▶ _Task input_

· · · · ·

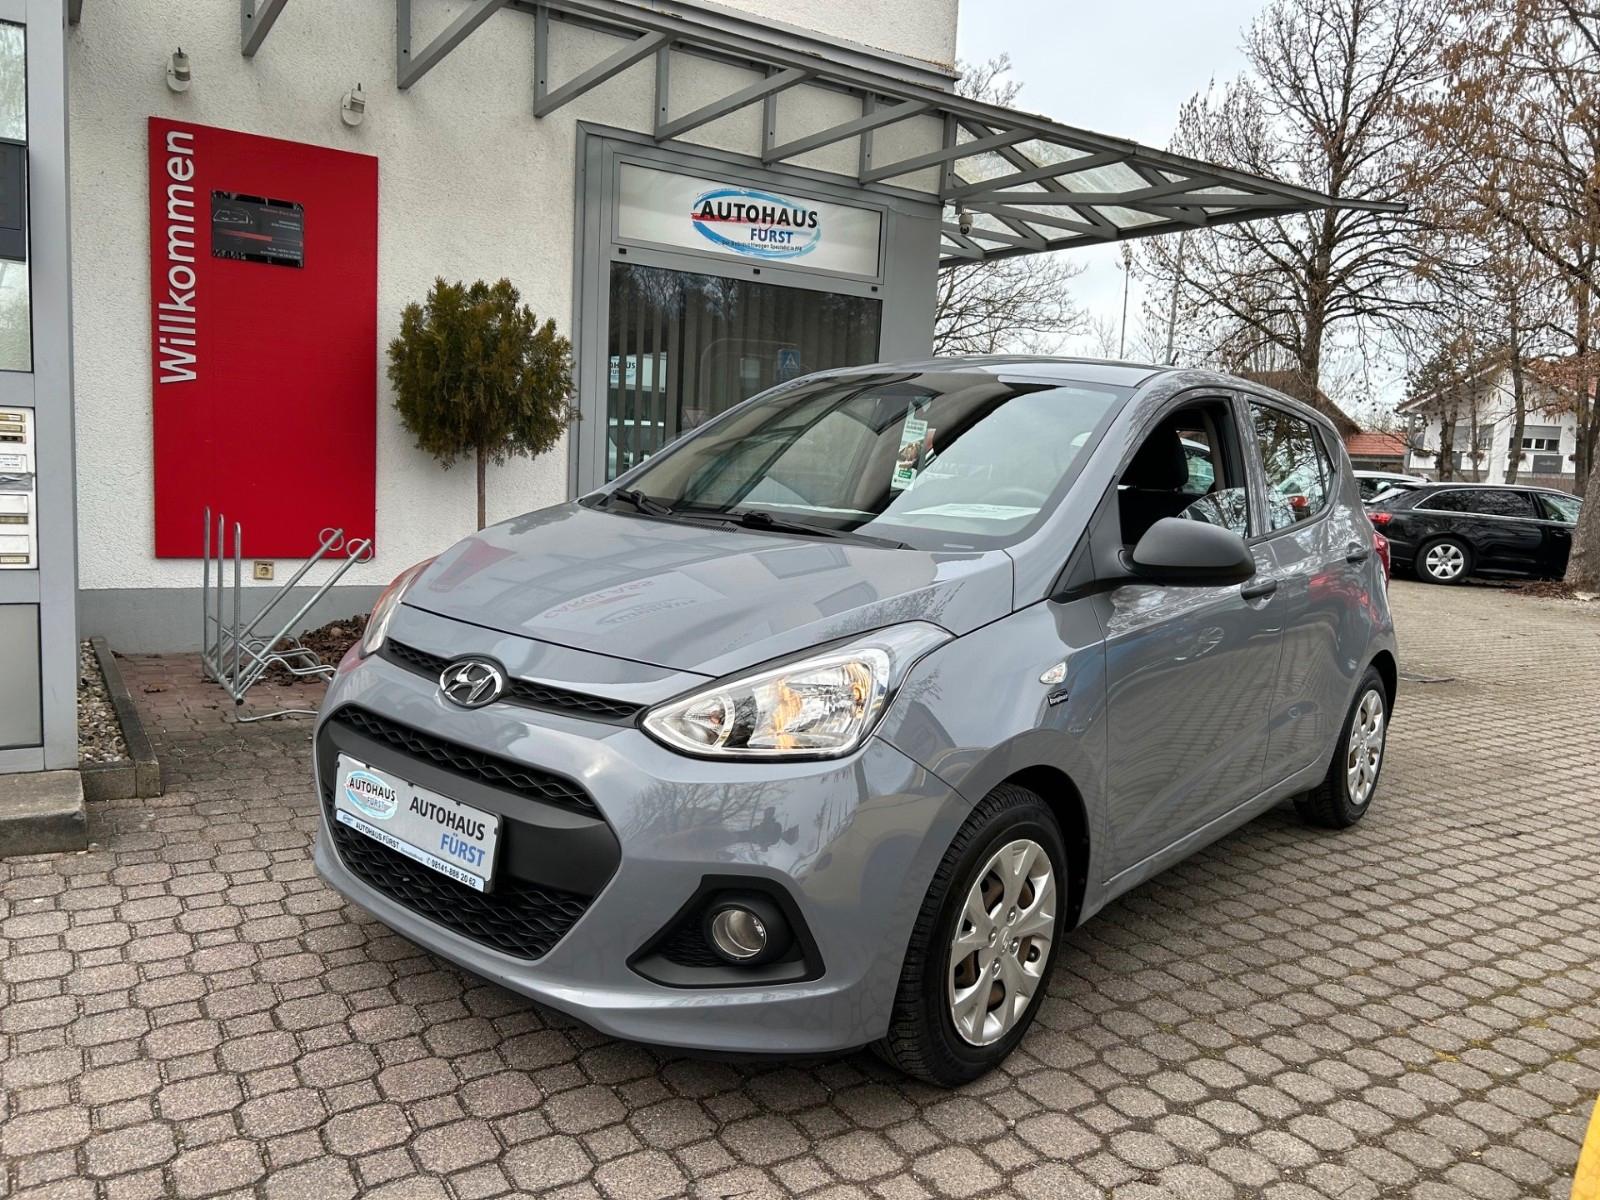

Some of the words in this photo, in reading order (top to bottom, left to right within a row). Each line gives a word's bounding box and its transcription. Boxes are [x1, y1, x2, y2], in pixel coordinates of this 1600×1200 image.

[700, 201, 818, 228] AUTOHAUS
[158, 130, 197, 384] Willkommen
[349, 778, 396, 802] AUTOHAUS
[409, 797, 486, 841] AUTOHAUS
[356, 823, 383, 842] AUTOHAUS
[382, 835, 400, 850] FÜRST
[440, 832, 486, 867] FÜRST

· · · · ·

▶ _Exercise aim_
Repeat the data exactly in full, omitting its pictures.

▶ _Response area_
Some of the words in this photo, in reading order (top to bottom, left to right within a row). Each line gives a word's bounding box and its transcription. Boxes are [x1, y1, x2, y2], in pixel coordinates of this 1600×1200 image.

[700, 201, 818, 228] AUTOHAUS
[158, 130, 197, 384] Willkommen
[349, 778, 396, 802] AUTOHAUS
[409, 797, 486, 841] AUTOHAUS
[356, 823, 383, 842] AUTOHAUS
[382, 835, 400, 850] FÜRST
[440, 832, 486, 867] FÜRST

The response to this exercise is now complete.